ENTRIES PROVIDED Block Start
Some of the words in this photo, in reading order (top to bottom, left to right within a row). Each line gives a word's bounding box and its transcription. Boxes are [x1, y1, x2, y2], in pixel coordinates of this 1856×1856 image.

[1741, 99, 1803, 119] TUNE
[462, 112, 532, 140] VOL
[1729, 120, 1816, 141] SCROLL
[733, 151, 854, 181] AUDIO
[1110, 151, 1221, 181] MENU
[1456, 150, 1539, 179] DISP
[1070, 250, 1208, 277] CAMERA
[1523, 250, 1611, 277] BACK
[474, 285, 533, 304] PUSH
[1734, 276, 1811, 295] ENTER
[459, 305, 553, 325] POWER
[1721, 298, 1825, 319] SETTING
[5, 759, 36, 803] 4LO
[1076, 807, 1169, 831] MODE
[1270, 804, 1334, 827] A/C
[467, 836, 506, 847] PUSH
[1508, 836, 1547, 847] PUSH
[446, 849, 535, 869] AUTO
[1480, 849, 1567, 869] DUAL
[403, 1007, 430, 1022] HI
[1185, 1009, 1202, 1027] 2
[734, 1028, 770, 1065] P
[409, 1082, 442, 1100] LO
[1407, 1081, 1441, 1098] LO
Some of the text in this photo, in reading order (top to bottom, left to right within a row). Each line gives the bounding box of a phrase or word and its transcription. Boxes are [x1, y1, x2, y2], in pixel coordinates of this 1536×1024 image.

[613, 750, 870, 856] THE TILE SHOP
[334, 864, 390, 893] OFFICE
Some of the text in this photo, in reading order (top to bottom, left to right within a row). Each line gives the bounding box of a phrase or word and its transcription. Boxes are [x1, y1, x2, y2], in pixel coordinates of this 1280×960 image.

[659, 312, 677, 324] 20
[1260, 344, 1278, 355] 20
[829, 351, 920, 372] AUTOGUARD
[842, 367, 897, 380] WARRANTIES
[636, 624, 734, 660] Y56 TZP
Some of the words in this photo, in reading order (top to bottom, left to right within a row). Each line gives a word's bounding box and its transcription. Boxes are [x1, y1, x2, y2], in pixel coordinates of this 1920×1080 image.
ENTRIES PROVIDED Block End
DIRECTIONS FOR THIS TASK: Without changing anything, repeat every record above.

WRITTEN REPLY:
Some of the words in this photo, in reading order (top to bottom, left to right within a row). Each line gives a word's bounding box and its transcription. Boxes are [x1, y1, x2, y2], in pixel coordinates of this 1856×1856 image.

[1741, 99, 1803, 119] TUNE
[462, 112, 532, 140] VOL
[1729, 120, 1816, 141] SCROLL
[733, 151, 854, 181] AUDIO
[1110, 151, 1221, 181] MENU
[1456, 150, 1539, 179] DISP
[1070, 250, 1208, 277] CAMERA
[1523, 250, 1611, 277] BACK
[474, 285, 533, 304] PUSH
[1734, 276, 1811, 295] ENTER
[459, 305, 553, 325] POWER
[1721, 298, 1825, 319] SETTING
[5, 759, 36, 803] 4LO
[1076, 807, 1169, 831] MODE
[1270, 804, 1334, 827] A/C
[467, 836, 506, 847] PUSH
[1508, 836, 1547, 847] PUSH
[446, 849, 535, 869] AUTO
[1480, 849, 1567, 869] DUAL
[403, 1007, 430, 1022] HI
[1185, 1009, 1202, 1027] 2
[734, 1028, 770, 1065] P
[409, 1082, 442, 1100] LO
[1407, 1081, 1441, 1098] LO
Some of the text in this photo, in reading order (top to bottom, left to right within a row). Each line gives the bounding box of a phrase or word and its transcription. Boxes are [x1, y1, x2, y2], in pixel coordinates of this 1536×1024 image.

[613, 750, 870, 856] THE TILE SHOP
[334, 864, 390, 893] OFFICE
Some of the text in this photo, in reading order (top to bottom, left to right within a row). Each line gives the bounding box of a phrase or word and its transcription. Boxes are [x1, y1, x2, y2], in pixel coordinates of this 1280×960 image.

[659, 312, 677, 324] 20
[1260, 344, 1278, 355] 20
[829, 351, 920, 372] AUTOGUARD
[842, 367, 897, 380] WARRANTIES
[636, 624, 734, 660] Y56 TZP
Some of the words in this photo, in reading order (top to bottom, left to right within a row). Each line gives a word's bounding box and its transcription. Boxes are [x1, y1, x2, y2], in pixel coordinates of this 1920×1080 image.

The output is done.